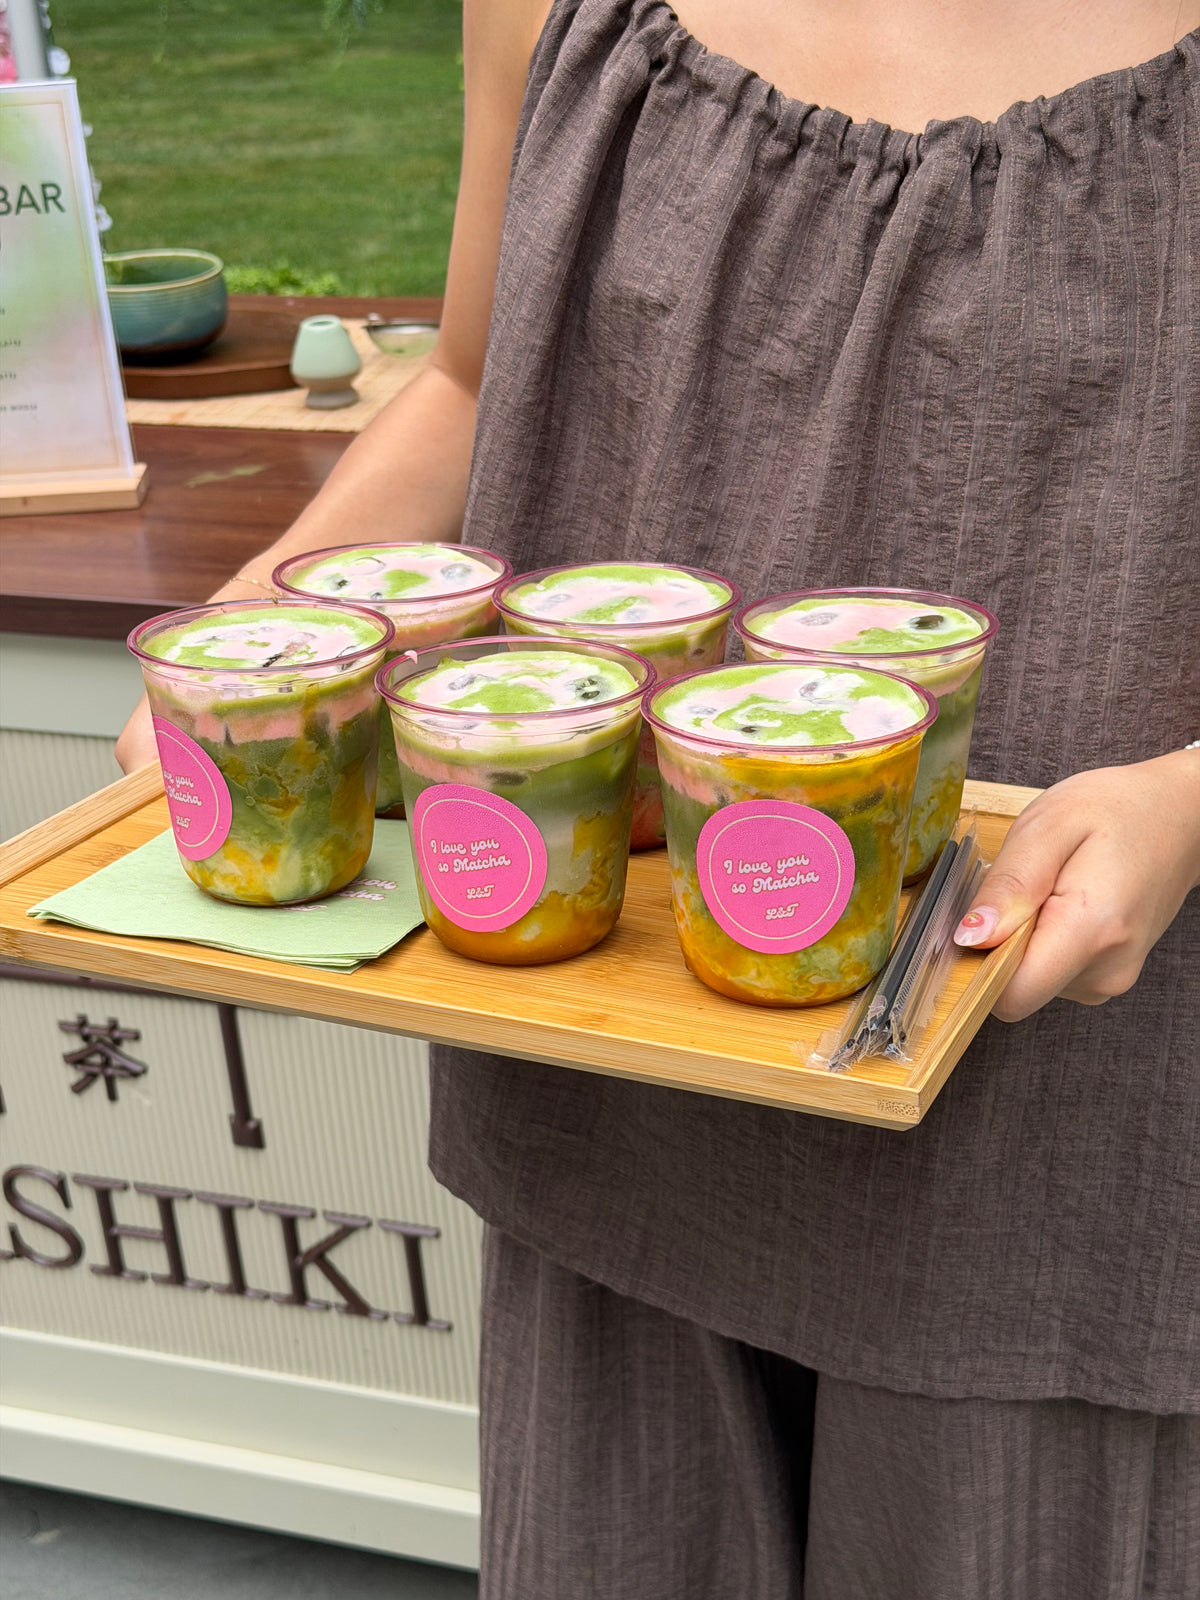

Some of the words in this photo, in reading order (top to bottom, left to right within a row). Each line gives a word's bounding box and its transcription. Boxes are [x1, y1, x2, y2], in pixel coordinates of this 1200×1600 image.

[0, 183, 66, 216] BAR
[175, 775, 194, 788] you
[430, 839, 437, 854] I
[440, 840, 467, 855] love
[470, 838, 500, 856] you
[438, 861, 449, 873] so
[453, 854, 511, 873] Matcha
[723, 859, 733, 874] I
[738, 859, 772, 874] love
[776, 854, 810, 874] you
[466, 885, 495, 899] L&T
[731, 882, 747, 894] so
[751, 871, 820, 894] Matcha
[765, 903, 799, 920] L&T
[57, 1013, 148, 1103] 茶
[0, 1163, 454, 1333] SHIKI
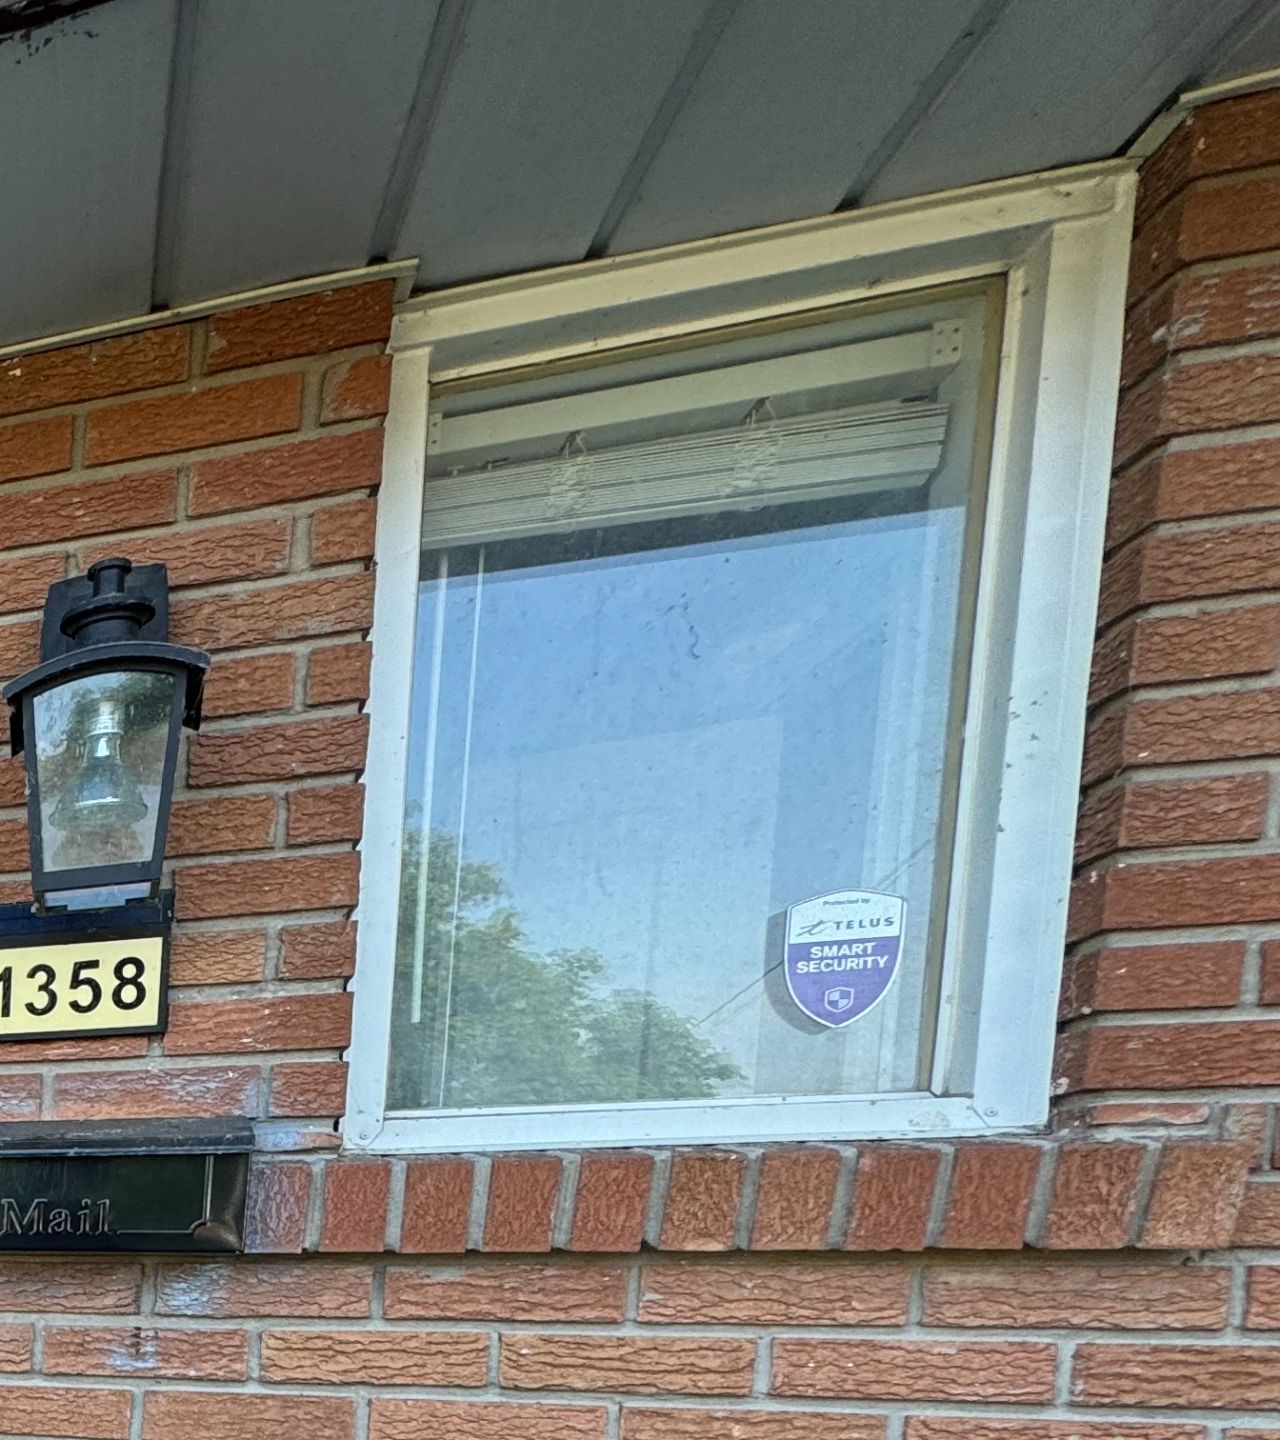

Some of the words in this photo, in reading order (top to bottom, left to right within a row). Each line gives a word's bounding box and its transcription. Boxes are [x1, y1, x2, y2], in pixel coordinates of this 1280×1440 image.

[834, 917, 894, 930] TELUS
[810, 942, 876, 958] SMART
[796, 955, 889, 974] SECURITY
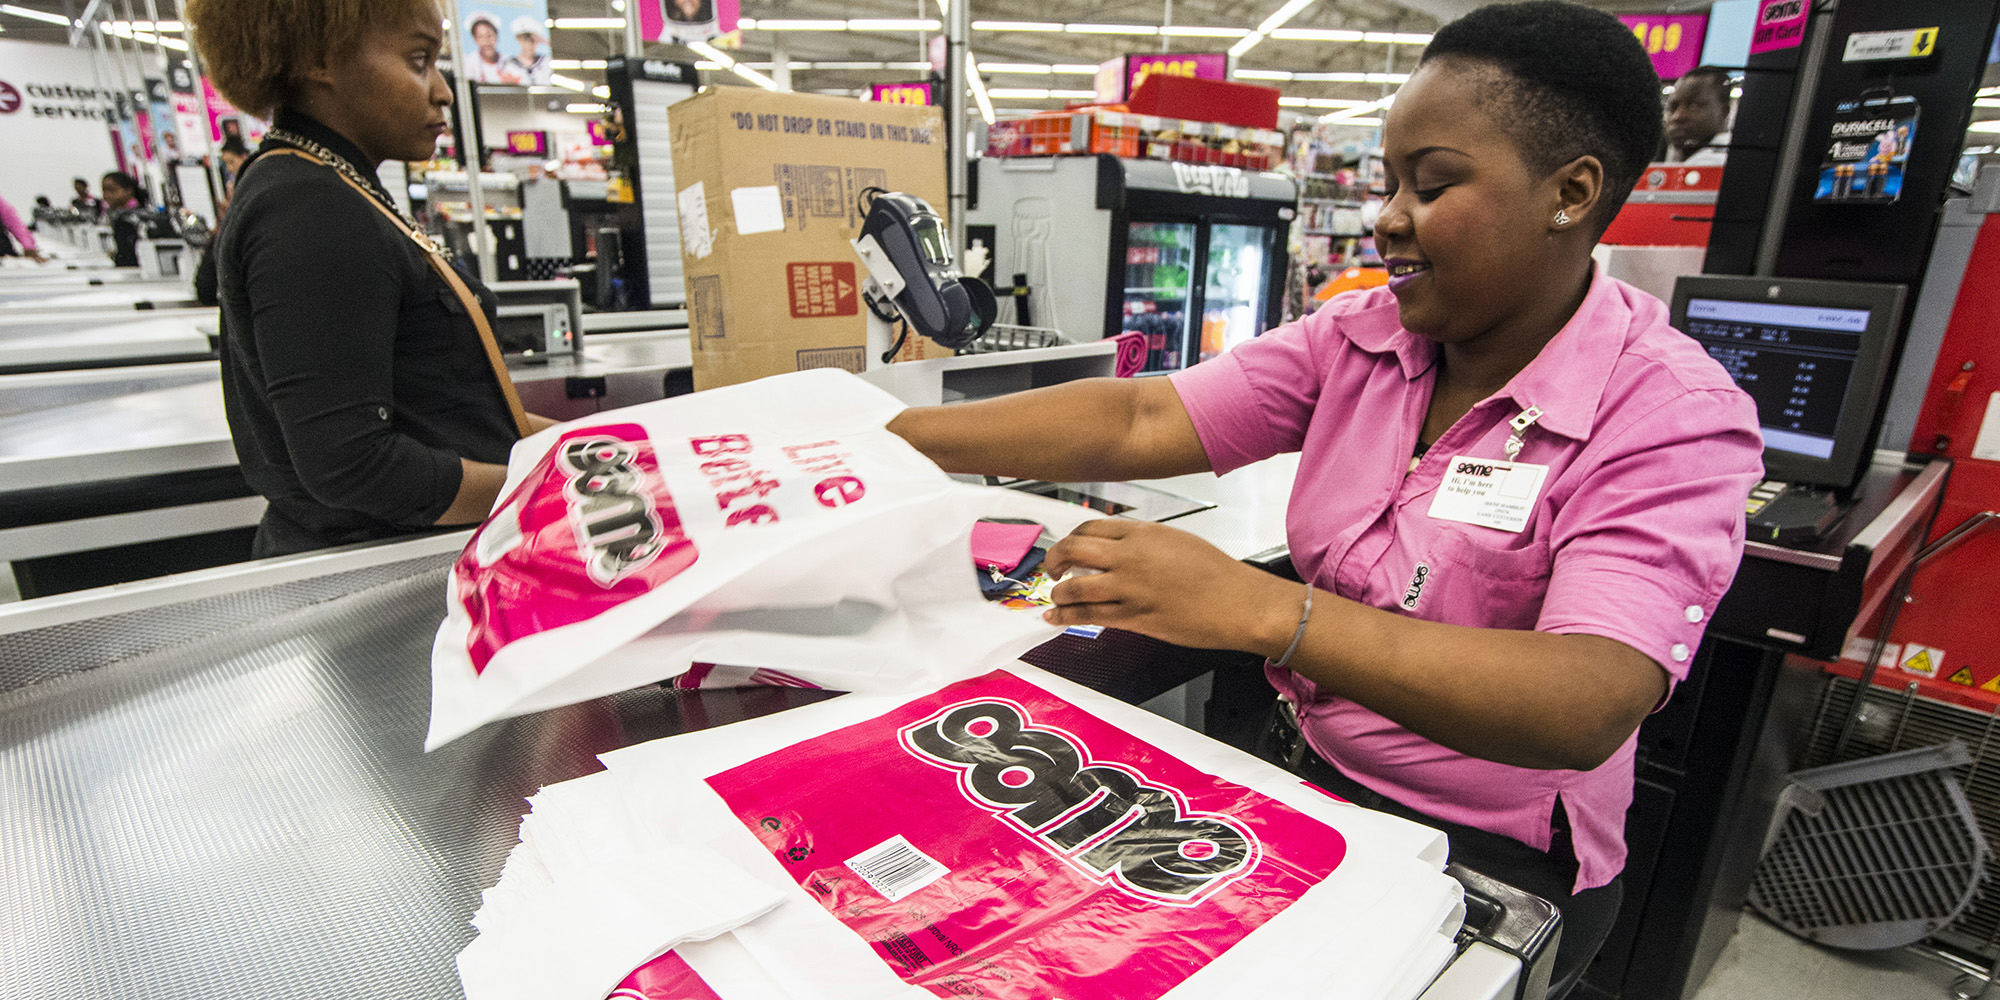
• • • • •
_What you have to do_. From the line containing "this 1280×1440 image." through the final line of the records, write out each line exactly, and include no pictures.

_Exercise output_.
Some of the words in this photo, in reading order (top to bottom, left to right within a row). Each line gives a word's bounding box and its transcription. Boxes are [x1, y1, x2, y2], in pixel coordinates of this 1280×1440 image.

[834, 917, 894, 930] TELUS
[810, 942, 876, 958] SMART
[796, 955, 889, 974] SECURITY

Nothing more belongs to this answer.